> **Task to complete**
Every entry below must be reproduced exactly.

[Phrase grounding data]
>>>
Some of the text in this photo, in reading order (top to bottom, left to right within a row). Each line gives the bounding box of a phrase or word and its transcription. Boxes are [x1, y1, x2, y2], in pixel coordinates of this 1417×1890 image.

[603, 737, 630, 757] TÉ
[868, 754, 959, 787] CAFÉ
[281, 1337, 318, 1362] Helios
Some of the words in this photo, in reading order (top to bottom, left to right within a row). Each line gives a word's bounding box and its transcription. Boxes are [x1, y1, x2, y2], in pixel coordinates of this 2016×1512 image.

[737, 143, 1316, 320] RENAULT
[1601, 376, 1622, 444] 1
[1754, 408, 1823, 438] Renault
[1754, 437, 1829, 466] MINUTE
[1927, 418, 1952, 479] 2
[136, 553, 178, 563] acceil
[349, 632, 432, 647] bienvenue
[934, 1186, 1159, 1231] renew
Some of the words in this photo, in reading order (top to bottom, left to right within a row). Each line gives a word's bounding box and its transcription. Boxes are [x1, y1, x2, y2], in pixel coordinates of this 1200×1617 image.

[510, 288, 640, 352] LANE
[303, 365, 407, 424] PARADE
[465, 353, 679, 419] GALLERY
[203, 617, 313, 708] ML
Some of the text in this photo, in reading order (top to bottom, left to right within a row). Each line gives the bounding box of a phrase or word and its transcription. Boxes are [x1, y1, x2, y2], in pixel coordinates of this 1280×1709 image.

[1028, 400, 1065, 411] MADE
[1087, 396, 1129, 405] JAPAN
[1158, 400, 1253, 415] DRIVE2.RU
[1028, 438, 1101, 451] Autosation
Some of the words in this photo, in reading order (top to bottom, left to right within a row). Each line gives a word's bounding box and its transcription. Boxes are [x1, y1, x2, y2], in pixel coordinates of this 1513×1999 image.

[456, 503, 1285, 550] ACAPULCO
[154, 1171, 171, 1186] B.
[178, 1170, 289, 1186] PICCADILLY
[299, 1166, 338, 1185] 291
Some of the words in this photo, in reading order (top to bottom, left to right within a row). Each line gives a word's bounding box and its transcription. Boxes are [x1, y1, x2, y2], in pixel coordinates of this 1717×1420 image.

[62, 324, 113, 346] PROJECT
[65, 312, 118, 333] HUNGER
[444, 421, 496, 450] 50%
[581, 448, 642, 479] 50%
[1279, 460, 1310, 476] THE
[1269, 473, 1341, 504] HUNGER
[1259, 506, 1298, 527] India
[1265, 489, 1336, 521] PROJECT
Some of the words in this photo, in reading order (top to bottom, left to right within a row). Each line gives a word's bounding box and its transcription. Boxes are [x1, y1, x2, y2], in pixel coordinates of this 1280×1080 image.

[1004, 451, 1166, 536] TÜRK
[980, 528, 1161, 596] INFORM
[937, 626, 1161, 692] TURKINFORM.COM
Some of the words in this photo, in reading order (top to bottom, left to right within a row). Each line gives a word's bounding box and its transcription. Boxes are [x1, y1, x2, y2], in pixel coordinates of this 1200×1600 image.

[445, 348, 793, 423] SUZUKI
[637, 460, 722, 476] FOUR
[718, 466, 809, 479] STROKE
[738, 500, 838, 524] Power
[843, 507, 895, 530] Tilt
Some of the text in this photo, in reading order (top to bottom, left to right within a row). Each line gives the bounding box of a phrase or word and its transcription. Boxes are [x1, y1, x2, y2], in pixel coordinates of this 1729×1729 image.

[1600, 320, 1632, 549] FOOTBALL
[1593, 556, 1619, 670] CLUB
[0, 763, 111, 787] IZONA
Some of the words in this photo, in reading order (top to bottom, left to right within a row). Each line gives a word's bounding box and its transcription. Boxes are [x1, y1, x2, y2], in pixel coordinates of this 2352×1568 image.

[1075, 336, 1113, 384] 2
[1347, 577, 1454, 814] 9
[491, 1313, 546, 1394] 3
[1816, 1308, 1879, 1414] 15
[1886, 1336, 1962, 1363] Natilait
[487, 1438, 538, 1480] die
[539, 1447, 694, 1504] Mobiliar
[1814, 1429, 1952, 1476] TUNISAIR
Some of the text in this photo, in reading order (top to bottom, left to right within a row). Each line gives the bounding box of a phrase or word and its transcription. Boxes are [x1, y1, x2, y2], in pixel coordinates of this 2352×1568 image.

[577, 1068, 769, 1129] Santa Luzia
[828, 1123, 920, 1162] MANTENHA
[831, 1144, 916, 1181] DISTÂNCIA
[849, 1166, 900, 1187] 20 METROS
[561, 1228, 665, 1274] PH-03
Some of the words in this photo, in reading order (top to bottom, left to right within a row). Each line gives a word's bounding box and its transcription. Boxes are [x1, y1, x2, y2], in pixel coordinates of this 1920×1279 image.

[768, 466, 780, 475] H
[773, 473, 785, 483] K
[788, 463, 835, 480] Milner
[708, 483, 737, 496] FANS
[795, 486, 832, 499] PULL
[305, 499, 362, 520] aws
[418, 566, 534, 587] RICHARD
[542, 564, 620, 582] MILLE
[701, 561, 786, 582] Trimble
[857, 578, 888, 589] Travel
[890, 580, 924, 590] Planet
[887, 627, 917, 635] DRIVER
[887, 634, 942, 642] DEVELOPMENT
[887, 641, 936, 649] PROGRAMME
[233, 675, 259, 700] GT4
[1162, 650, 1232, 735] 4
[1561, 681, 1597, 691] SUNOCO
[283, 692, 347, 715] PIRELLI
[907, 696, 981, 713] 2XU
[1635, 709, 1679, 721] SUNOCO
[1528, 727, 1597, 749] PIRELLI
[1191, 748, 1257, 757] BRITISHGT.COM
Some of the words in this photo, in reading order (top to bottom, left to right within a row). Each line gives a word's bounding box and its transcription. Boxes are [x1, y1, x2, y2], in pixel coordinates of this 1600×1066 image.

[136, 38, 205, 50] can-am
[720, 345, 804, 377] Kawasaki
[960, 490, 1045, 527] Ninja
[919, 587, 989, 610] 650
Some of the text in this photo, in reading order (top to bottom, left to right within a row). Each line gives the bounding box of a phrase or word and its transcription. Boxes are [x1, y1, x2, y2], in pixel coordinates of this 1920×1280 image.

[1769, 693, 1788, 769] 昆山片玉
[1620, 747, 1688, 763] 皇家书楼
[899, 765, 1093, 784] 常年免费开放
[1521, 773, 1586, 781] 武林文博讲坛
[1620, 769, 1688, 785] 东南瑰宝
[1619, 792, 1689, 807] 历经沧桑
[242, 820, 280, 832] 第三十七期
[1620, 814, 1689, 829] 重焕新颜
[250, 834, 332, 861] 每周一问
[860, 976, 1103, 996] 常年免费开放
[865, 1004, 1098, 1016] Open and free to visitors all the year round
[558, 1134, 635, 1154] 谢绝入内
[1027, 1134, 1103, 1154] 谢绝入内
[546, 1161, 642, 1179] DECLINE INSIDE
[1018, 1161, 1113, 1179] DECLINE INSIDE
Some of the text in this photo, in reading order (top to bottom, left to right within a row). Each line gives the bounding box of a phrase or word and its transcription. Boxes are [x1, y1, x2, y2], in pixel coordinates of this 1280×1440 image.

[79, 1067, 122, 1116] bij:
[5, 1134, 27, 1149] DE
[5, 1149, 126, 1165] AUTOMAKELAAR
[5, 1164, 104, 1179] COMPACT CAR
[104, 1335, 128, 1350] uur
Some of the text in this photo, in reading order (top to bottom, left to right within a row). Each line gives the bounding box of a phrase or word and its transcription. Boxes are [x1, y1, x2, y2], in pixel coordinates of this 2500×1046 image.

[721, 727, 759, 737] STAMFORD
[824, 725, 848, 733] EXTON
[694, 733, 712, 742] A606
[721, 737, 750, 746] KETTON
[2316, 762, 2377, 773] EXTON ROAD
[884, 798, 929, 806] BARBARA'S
<<<
> **Solution to this exercise**
Some of the text in this photo, in reading order (top to bottom, left to right within a row). Each line gives the bounding box of a phrase or word and its transcription. Boxes are [x1, y1, x2, y2], in pixel coordinates of this 1417×1890 image.

[603, 737, 630, 757] TÉ
[868, 754, 959, 787] CAFÉ
[281, 1337, 318, 1362] Helios
Some of the words in this photo, in reading order (top to bottom, left to right within a row). Each line gives a word's bounding box and its transcription. Boxes are [x1, y1, x2, y2], in pixel coordinates of this 2016×1512 image.

[737, 143, 1316, 320] RENAULT
[1601, 376, 1622, 444] 1
[1754, 408, 1823, 438] Renault
[1754, 437, 1829, 466] MINUTE
[1927, 418, 1952, 479] 2
[136, 553, 178, 563] acceil
[349, 632, 432, 647] bienvenue
[934, 1186, 1159, 1231] renew
Some of the words in this photo, in reading order (top to bottom, left to right within a row). Each line gives a word's bounding box and its transcription. Boxes are [x1, y1, x2, y2], in pixel coordinates of this 1200×1617 image.

[510, 288, 640, 352] LANE
[303, 365, 407, 424] PARADE
[465, 353, 679, 419] GALLERY
[203, 617, 313, 708] ML
Some of the text in this photo, in reading order (top to bottom, left to right within a row). Each line gives the bounding box of a phrase or word and its transcription. Boxes are [x1, y1, x2, y2], in pixel coordinates of this 1280×1709 image.

[1028, 400, 1065, 411] MADE
[1087, 396, 1129, 405] JAPAN
[1158, 400, 1253, 415] DRIVE2.RU
[1028, 438, 1101, 451] Autosation
Some of the words in this photo, in reading order (top to bottom, left to right within a row). Each line gives a word's bounding box and its transcription. Boxes are [x1, y1, x2, y2], in pixel coordinates of this 1513×1999 image.

[456, 503, 1285, 550] ACAPULCO
[154, 1171, 171, 1186] B.
[178, 1170, 289, 1186] PICCADILLY
[299, 1166, 338, 1185] 291
Some of the words in this photo, in reading order (top to bottom, left to right within a row). Each line gives a word's bounding box and its transcription. Boxes are [x1, y1, x2, y2], in pixel coordinates of this 1717×1420 image.

[62, 324, 113, 346] PROJECT
[65, 312, 118, 333] HUNGER
[444, 421, 496, 450] 50%
[581, 448, 642, 479] 50%
[1279, 460, 1310, 476] THE
[1269, 473, 1341, 504] HUNGER
[1259, 506, 1298, 527] India
[1265, 489, 1336, 521] PROJECT
Some of the words in this photo, in reading order (top to bottom, left to right within a row). Each line gives a word's bounding box and its transcription. Boxes are [x1, y1, x2, y2], in pixel coordinates of this 1280×1080 image.

[1004, 451, 1166, 536] TÜRK
[980, 528, 1161, 596] INFORM
[937, 626, 1161, 692] TURKINFORM.COM
Some of the words in this photo, in reading order (top to bottom, left to right within a row). Each line gives a word's bounding box and its transcription. Boxes are [x1, y1, x2, y2], in pixel coordinates of this 1200×1600 image.

[445, 348, 793, 423] SUZUKI
[637, 460, 722, 476] FOUR
[718, 466, 809, 479] STROKE
[738, 500, 838, 524] Power
[843, 507, 895, 530] Tilt
Some of the text in this photo, in reading order (top to bottom, left to right within a row). Each line gives the bounding box of a phrase or word and its transcription. Boxes are [x1, y1, x2, y2], in pixel coordinates of this 1729×1729 image.

[1600, 320, 1632, 549] FOOTBALL
[1593, 556, 1619, 670] CLUB
[0, 763, 111, 787] IZONA
Some of the words in this photo, in reading order (top to bottom, left to right within a row). Each line gives a word's bounding box and its transcription. Boxes are [x1, y1, x2, y2], in pixel coordinates of this 2352×1568 image.

[1075, 336, 1113, 384] 2
[1347, 577, 1454, 814] 9
[491, 1313, 546, 1394] 3
[1816, 1308, 1879, 1414] 15
[1886, 1336, 1962, 1363] Natilait
[487, 1438, 538, 1480] die
[539, 1447, 694, 1504] Mobiliar
[1814, 1429, 1952, 1476] TUNISAIR
Some of the text in this photo, in reading order (top to bottom, left to right within a row). Each line gives the bounding box of a phrase or word and its transcription. Boxes are [x1, y1, x2, y2], in pixel coordinates of this 2352×1568 image.

[577, 1068, 769, 1129] Santa Luzia
[828, 1123, 920, 1162] MANTENHA
[831, 1144, 916, 1181] DISTÂNCIA
[849, 1166, 900, 1187] 20 METROS
[561, 1228, 665, 1274] PH-03
Some of the words in this photo, in reading order (top to bottom, left to right within a row). Each line gives a word's bounding box and its transcription. Boxes are [x1, y1, x2, y2], in pixel coordinates of this 1920×1279 image.

[768, 466, 780, 475] H
[773, 473, 785, 483] K
[788, 463, 835, 480] Milner
[708, 483, 737, 496] FANS
[795, 486, 832, 499] PULL
[305, 499, 362, 520] aws
[418, 566, 534, 587] RICHARD
[542, 564, 620, 582] MILLE
[701, 561, 786, 582] Trimble
[857, 578, 888, 589] Travel
[890, 580, 924, 590] Planet
[887, 627, 917, 635] DRIVER
[887, 634, 942, 642] DEVELOPMENT
[887, 641, 936, 649] PROGRAMME
[233, 675, 259, 700] GT4
[1162, 650, 1232, 735] 4
[1561, 681, 1597, 691] SUNOCO
[283, 692, 347, 715] PIRELLI
[907, 696, 981, 713] 2XU
[1635, 709, 1679, 721] SUNOCO
[1528, 727, 1597, 749] PIRELLI
[1191, 748, 1257, 757] BRITISHGT.COM
Some of the words in this photo, in reading order (top to bottom, left to right within a row). Each line gives a word's bounding box and its transcription. Boxes are [x1, y1, x2, y2], in pixel coordinates of this 1600×1066 image.

[136, 38, 205, 50] can-am
[720, 345, 804, 377] Kawasaki
[960, 490, 1045, 527] Ninja
[919, 587, 989, 610] 650
Some of the text in this photo, in reading order (top to bottom, left to right within a row). Each line gives the bounding box of a phrase or word and its transcription. Boxes are [x1, y1, x2, y2], in pixel coordinates of this 1920×1280 image.

[1769, 693, 1788, 769] 昆山片玉
[1620, 747, 1688, 763] 皇家书楼
[899, 765, 1093, 784] 常年免费开放
[1521, 773, 1586, 781] 武林文博讲坛
[1620, 769, 1688, 785] 东南瑰宝
[1619, 792, 1689, 807] 历经沧桑
[242, 820, 280, 832] 第三十七期
[1620, 814, 1689, 829] 重焕新颜
[250, 834, 332, 861] 每周一问
[860, 976, 1103, 996] 常年免费开放
[865, 1004, 1098, 1016] Open and free to visitors all the year round
[558, 1134, 635, 1154] 谢绝入内
[1027, 1134, 1103, 1154] 谢绝入内
[546, 1161, 642, 1179] DECLINE INSIDE
[1018, 1161, 1113, 1179] DECLINE INSIDE
Some of the text in this photo, in reading order (top to bottom, left to right within a row). Each line gives the bounding box of a phrase or word and its transcription. Boxes are [x1, y1, x2, y2], in pixel coordinates of this 1280×1440 image.

[79, 1067, 122, 1116] bij:
[5, 1134, 27, 1149] DE
[5, 1149, 126, 1165] AUTOMAKELAAR
[5, 1164, 104, 1179] COMPACT CAR
[104, 1335, 128, 1350] uur
Some of the text in this photo, in reading order (top to bottom, left to right within a row). Each line gives the bounding box of a phrase or word and its transcription. Boxes are [x1, y1, x2, y2], in pixel coordinates of this 2500×1046 image.

[721, 727, 759, 737] STAMFORD
[824, 725, 848, 733] EXTON
[694, 733, 712, 742] A606
[721, 737, 750, 746] KETTON
[2316, 762, 2377, 773] EXTON ROAD
[884, 798, 929, 806] BARBARA'S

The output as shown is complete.